What recovery means to me
By Julia Tannenbaum
For over five years now, I’ve been in recovery from anorexia but only recently have I begun to think about what those two words—in recovery—truly mean. While I’ve come a long way from an insecure, self-loathing teenager who was convinced her weight determined her worth, I don’t consider myself “fully cured” yet (although I hope to be one day). However, to me, that’s not what recovery means.
Recovery means I have hopes and ambitions for my future that are unrelated to food and calories and weight loss. Hopes of relationships and career opportunities and new, exciting experiences I was once completely closed off to. Ambitions of traveling the world and writing a best-selling novel and finding true love and making a difference in not only my own life but the lives of others.
Recovery means I recognize the importance of prioritizing my mental health and always make an effort to put it first. This involves taking basic self-care steps every day: eating enough. Getting a good night’s sleep. Exercising—in moderation. Talking to trusted people when I’m feeling low or at least being around others so I’m not sitting with negative emotions on my own. Finding a balance between work and relaxation. Utilizing the toolbox of coping skills I’ve acquired from my years in treatment to navigate the inevitable ups and downs of recovery. These seemingly small steps have made a huge difference in me getting a better, healthier, and happier place in my life—and staying there.

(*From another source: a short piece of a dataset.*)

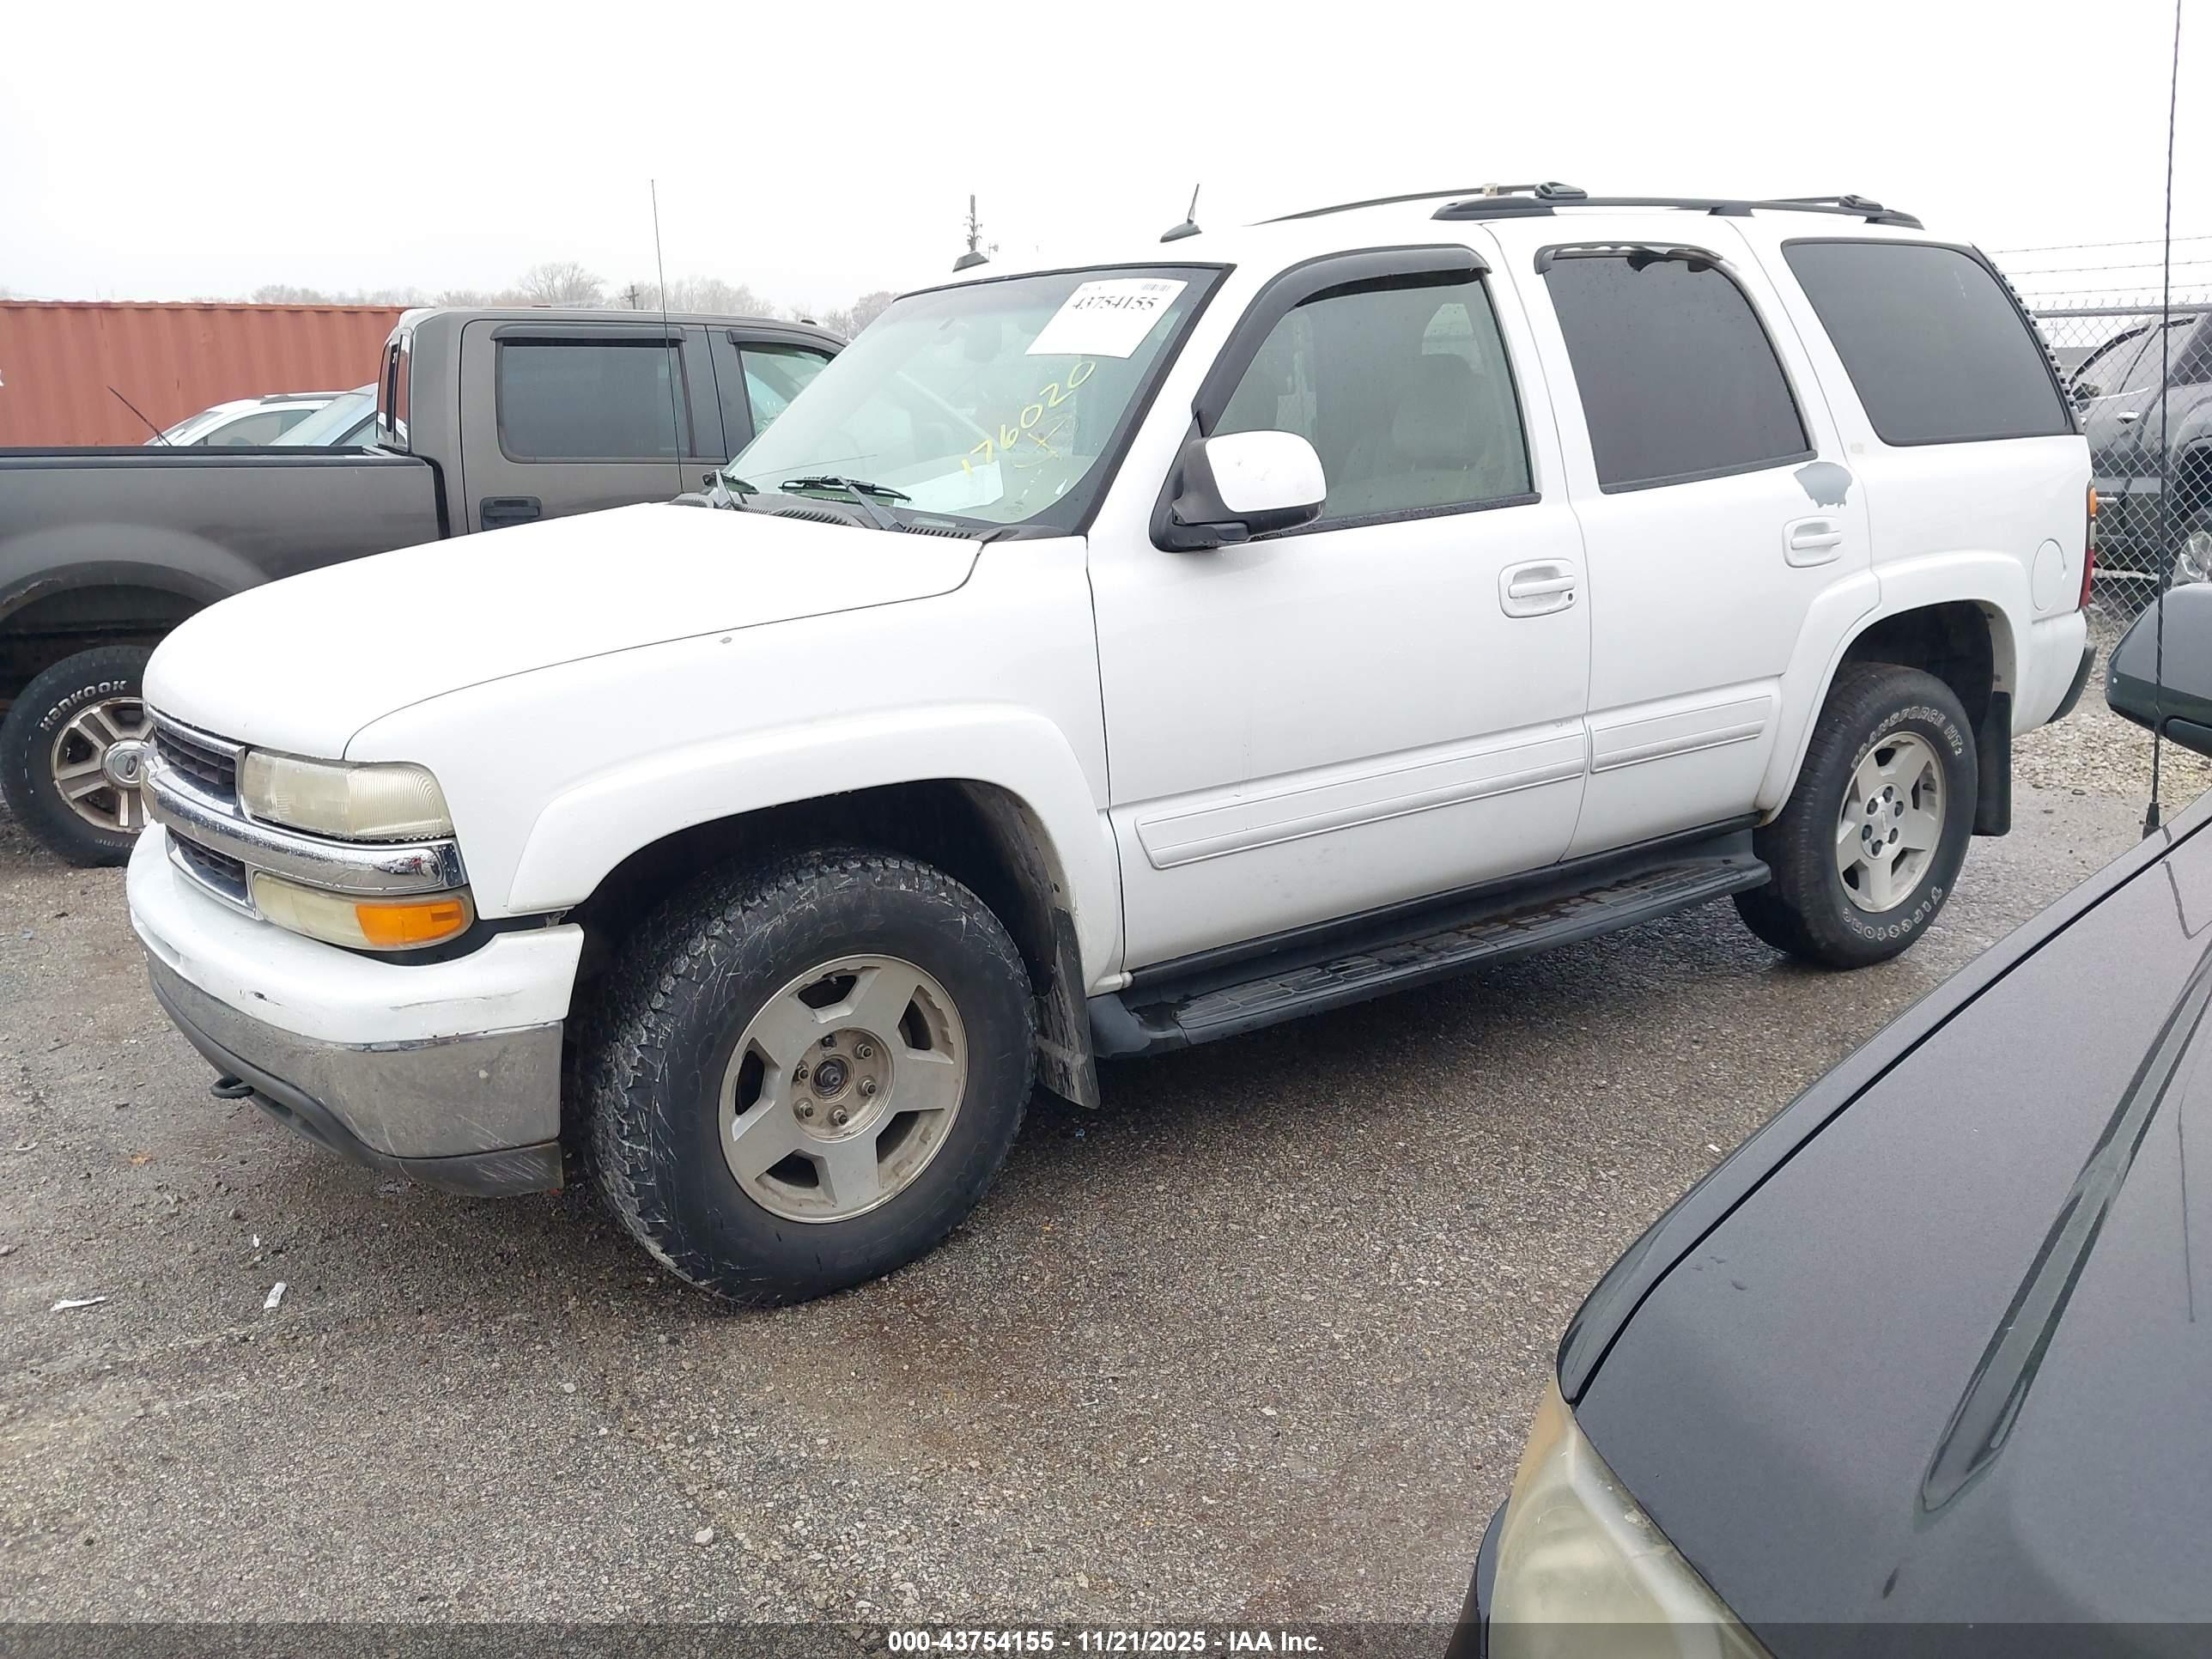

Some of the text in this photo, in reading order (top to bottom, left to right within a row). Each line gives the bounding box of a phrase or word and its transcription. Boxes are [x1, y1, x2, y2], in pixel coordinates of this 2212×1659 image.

[1072, 295, 1159, 310] 43754155
[961, 361, 1097, 476] 176020
[1842, 885, 1943, 942] Firestone

Recovering from anorexia is singlehandedly the hardest thing I’ve ever had to do. Like most of life’s greatest endeavors, it was a process that took ample time, patience, and perseverance. And it was worth it. I now know that recovery isn’t just possible; it’s very much attainable and, even on the worst days, 100 times better than the half-life I lived when my disorder was in control. Everyone’s experiences with recovery are different, but this is mine, and this is what it has meant to me so far.